On the one hand, FINRA has the power to levy "fines," under the Exchange Act. And you'd think that the power to levy a fine includes the power to enforce such a levy. Moreover, if you sign a contract, the idea is that you can go to court if the other party fails to perform, and the securities industry essentially has contracted with FINRA to police its bad actors, which it does, inter alia, with fines, and which the bad actor in this case refused to pay.
To be traditional about it, the administrative law question presented in the FINRA case is whether the statute is ambiguous on that go-to-court question, and whether, even if so, FINRA, a private entity, is entitled to Chevron deference in interpreting a law that permits it to fine members to permit it to go to court to enforce those fines.
FINRA lost the case because the ability to go to court is something that is a big enough regulatory deal that it is usually spelled out in the statute explicitly. The Exchange Act, for example, has language that permits the SEC to sue explicitly. It doesn't have that language for FINRA, and the court didn't just rely on negative inference, but less plausibly on other limitations on judicial review in the Exchange Act.
The court also concluded that FINRA's own rule permiting it to go to court (state court, problematically, given that the exclusive jurisdiction of the Exchange Act lies in federal court), was illegally promulgated without comment (so it ducked the Chevron issue).
This isn't textualy impossible, but it makes FINRA impossible.

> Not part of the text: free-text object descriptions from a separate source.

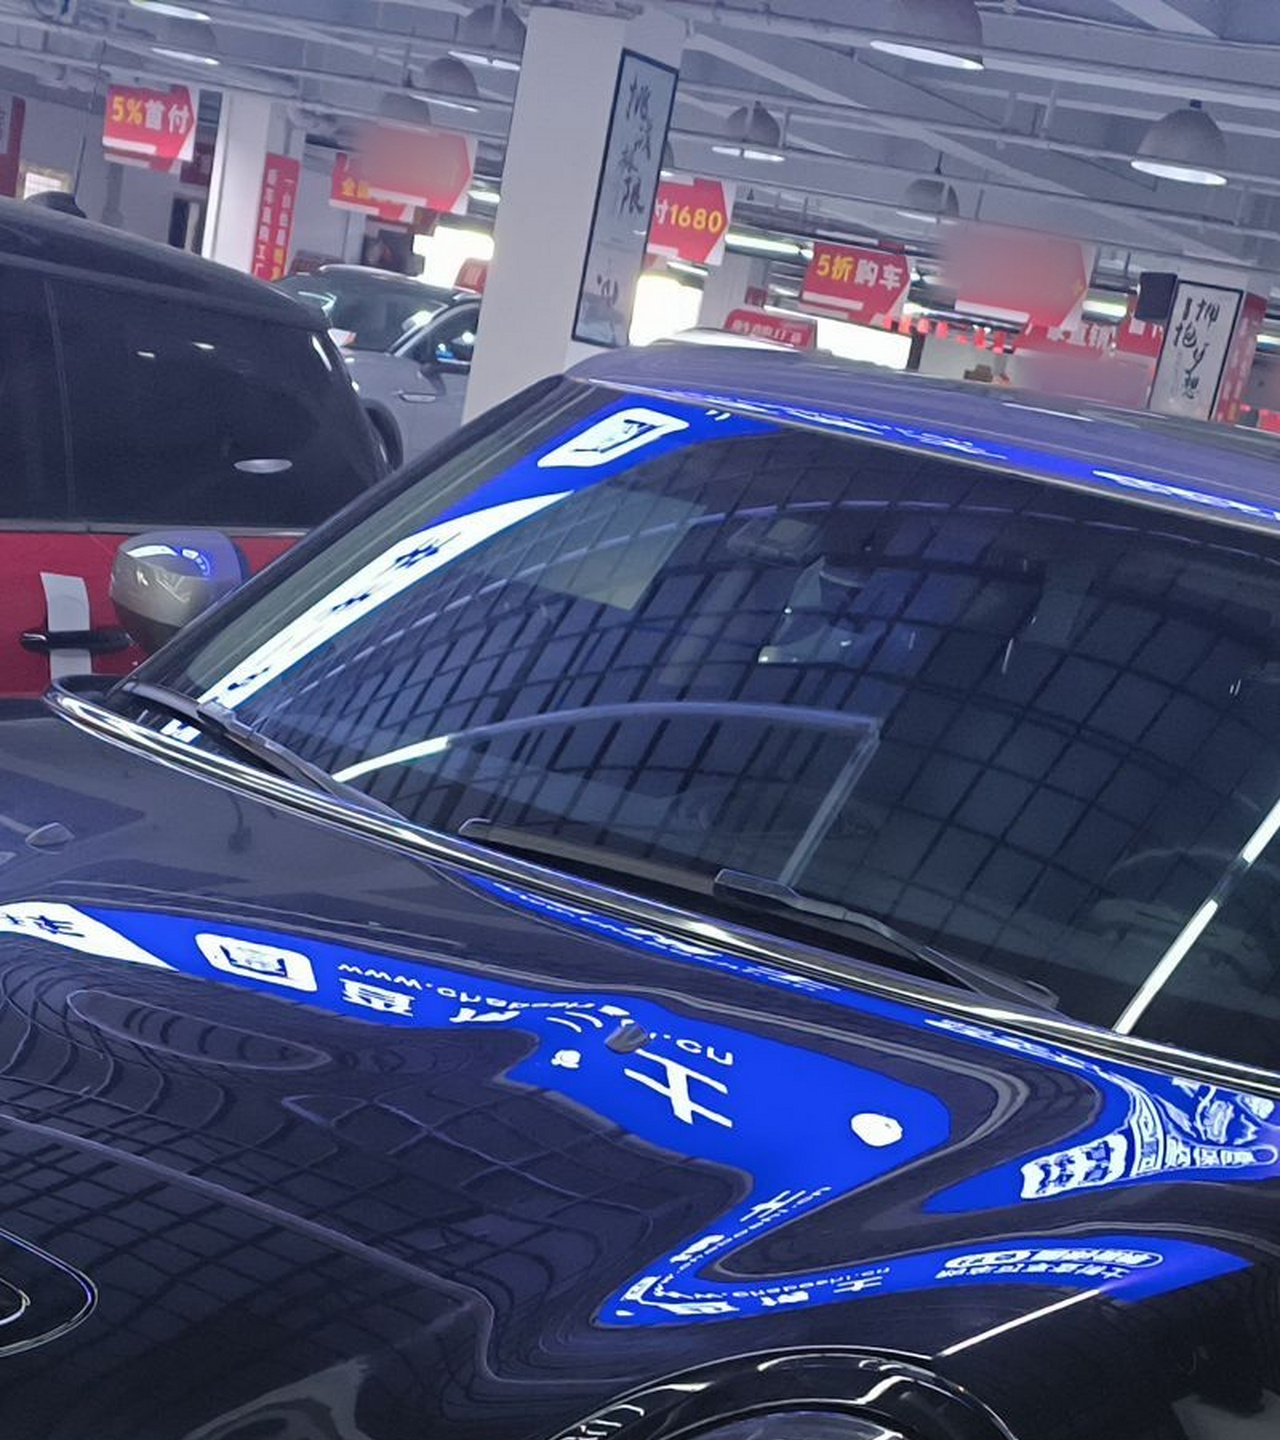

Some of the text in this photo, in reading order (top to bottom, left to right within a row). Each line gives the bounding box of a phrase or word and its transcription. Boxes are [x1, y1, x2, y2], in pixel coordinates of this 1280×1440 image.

[112, 95, 190, 135] 5%首付
[816, 254, 904, 291] 5折购车
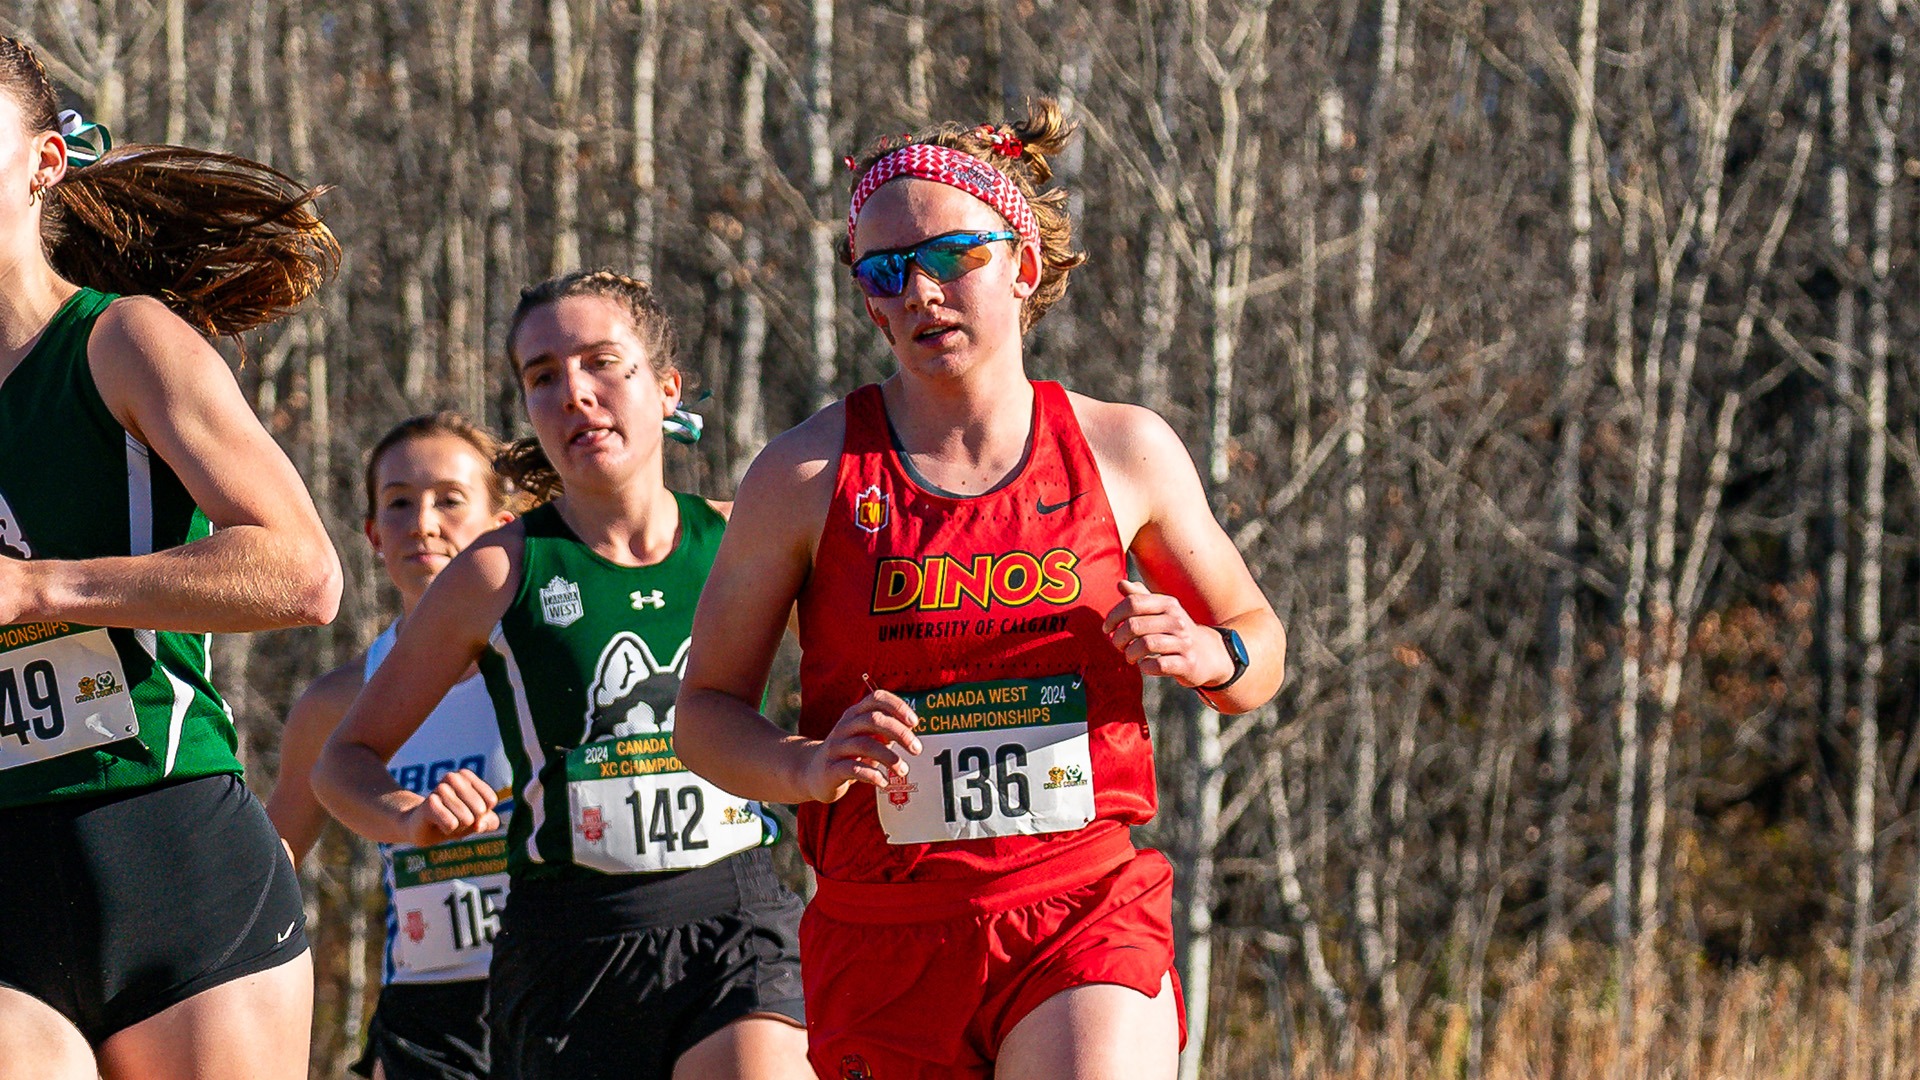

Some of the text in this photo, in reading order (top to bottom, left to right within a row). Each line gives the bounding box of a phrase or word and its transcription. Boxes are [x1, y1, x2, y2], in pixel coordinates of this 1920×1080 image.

[870, 548, 1081, 615] DINOS
[548, 603, 577, 618] WEST
[878, 615, 1070, 642] UNIVERSITY OF CALGARY
[926, 690, 986, 709] CANADA
[989, 686, 1029, 704] WEST
[1040, 685, 1067, 705] 2024
[930, 707, 1051, 732] CHAMPIONSHIPS
[584, 746, 609, 765] 2024
[616, 738, 668, 756] CANADA
[600, 761, 618, 777] XC
[933, 743, 1031, 823] 136
[625, 785, 710, 857] 142
[429, 846, 475, 865] CANADA
[443, 884, 504, 950] 115

You also wouldn't want to set up a regulatory scheme that can't be enforced. And that is what the Court has done - I'm not sure that FINRA can bring a fine action to the SEC, and then to federal court, don't really know how that would work, and the court didn't suggest any answers. FINRA must be able to enforce its fines.
What will happen? I can't imagine it won't go en banc, it is a conservative panel in a pretty liberal appellate court. Fixing this might require congressional legislation, though the SEC could pass a rule authorizing FINRA to sue (that would be a tricky delegation of an important power).
Anyway, those are my preliminary thoughts on a pretty important case.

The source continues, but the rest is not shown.